Discouraged by McDonald's disdain for his band, Porcaro devises a three-step plan to make it happen.
J. D. Ryznar and Hunter D. Stair devised the series after noticing the incestuous recording careers of such bands as Steely Dan, Toto, and The Doobie Brothers and the singer-songwriters Kenny Loggins and Michael McDonald. For example, McDonald co-wrote Loggins' "This Is It" and Loggins co-wrote McDonald's band The Doobie Brothers' "What a Fool Believes" and also performed backing vocals for several other 'yacht rock' artists, including Steely Dan and Christopher Cross. Yacht Rock's episodes were "hosted" by "Hollywood" Steve Huey, a legitimate music critic for Allmusic." It should be noted that the term "Yacht Rock" is never used throughout the series by any characters except for by Huey during his introductions, instead it is always referred to as "Smooth Music".
Ryznar admits to having a fascination with the music of the period.
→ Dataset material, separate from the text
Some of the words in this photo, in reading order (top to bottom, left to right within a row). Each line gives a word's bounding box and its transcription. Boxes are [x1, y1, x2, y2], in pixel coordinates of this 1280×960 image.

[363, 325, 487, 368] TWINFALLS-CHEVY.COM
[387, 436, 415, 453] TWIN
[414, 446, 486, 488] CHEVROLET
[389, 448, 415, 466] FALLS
Ryznar explains, "Getting into Steely Dan really started this for me. As did the ability to buy dollar records at Amoeba and put them on tapes for my car. Kenny Loggins has made his way into all the pilots I've been involved with except [one]." As Ryznar told Reuters contributor Andy Sullivan, "I'm making fun of the songwriting process, but the music is generally treated pretty lovingly."
The series depicts some realistic aspects of the music, but builds exaggerated storylines around them. For example, main protagonists Loggins and McDonald receive inspiration from a fictional Yacht Rock impresario named Koko Goldstein, whose death in Episode 2 ultimately leads them to go their separate ways musically. Another example is the series' presentation of several real-life characters. McDonald is an idealistic and earnest singer/songwriter, but takes both Smooth Music and himself far too seriously. Loggins is his easygoing friend and frequent collaborator who eventually abandons Smooth Music in favor of commercial rock and roll in the 80s, which strains their friendship. The portrayal of John Oates as the abusive, foulmouthed leader of Hall & Oates, exerting sometimes violent control over the milquetoast Daryl Hall, is clearly different from reality, in which Hall is the main lead vocalist and songwriter with no hint of a rivalry. Christopher Cross is depicted as a wide-eyed, timid newbie whose song "Sailing" is lauded as the "smoothest song ever". Loggins' former partner Jim Messina is a bitter wino who hates Loggins for his success and perceived betrayal. Michael Jackson is depicted as a hard-rock enthusiast who believes his partnership with guitarist Eddie Van Halen will lead to an endless parade of female sexual conquests. Jeff "Skunk" Baxter, the Doobie Brothers' lead guitarist, is seen threatening to kick McDonald "out of the Doobies" if he doesn't write them another hit. The real Baxter did bring McDonald into the band but, as they achieved their greatest commercial success, Baxter left the Doobie Brothers because of his displeasure with their new commercial sound and attitude. The Eagles (portrayed here as jock-like meatheads) and Steely Dan (portrayed as snarky nerds, with Donald Fagen speaking in an incoherent babble of Scat) really did insert lyrical references to each other in their music, as depicted in the show, but these were actually friendly in nature, not part of a longtime grudge involving baseball bats and lunch-money shakedowns.
The series was written, directed, and produced by Ryznar, co-produced by David Lyons and Hunter Stair, and edited by Lane Farnham. The production has a "bad-on-purpose aesthetic".
Yacht Rock debuted at Channel 101's June 2005 screening. It placed in the top five at subsequent screenings until the June 2006 screening of its tenth episode, where it placed seventh and was canceled.
However, the show remained a popular download on Channel 101, convincing the creators to make an 11th episode independently. This episode, featuring Jason Lee as Kevin Bacon, debuted during a screening at the Knitting Factory in New York City on December 27, 2007. A month later, Channel 101 themselves included it in a screening, and hosted it on their website along with the other episodes on January 28, 2008.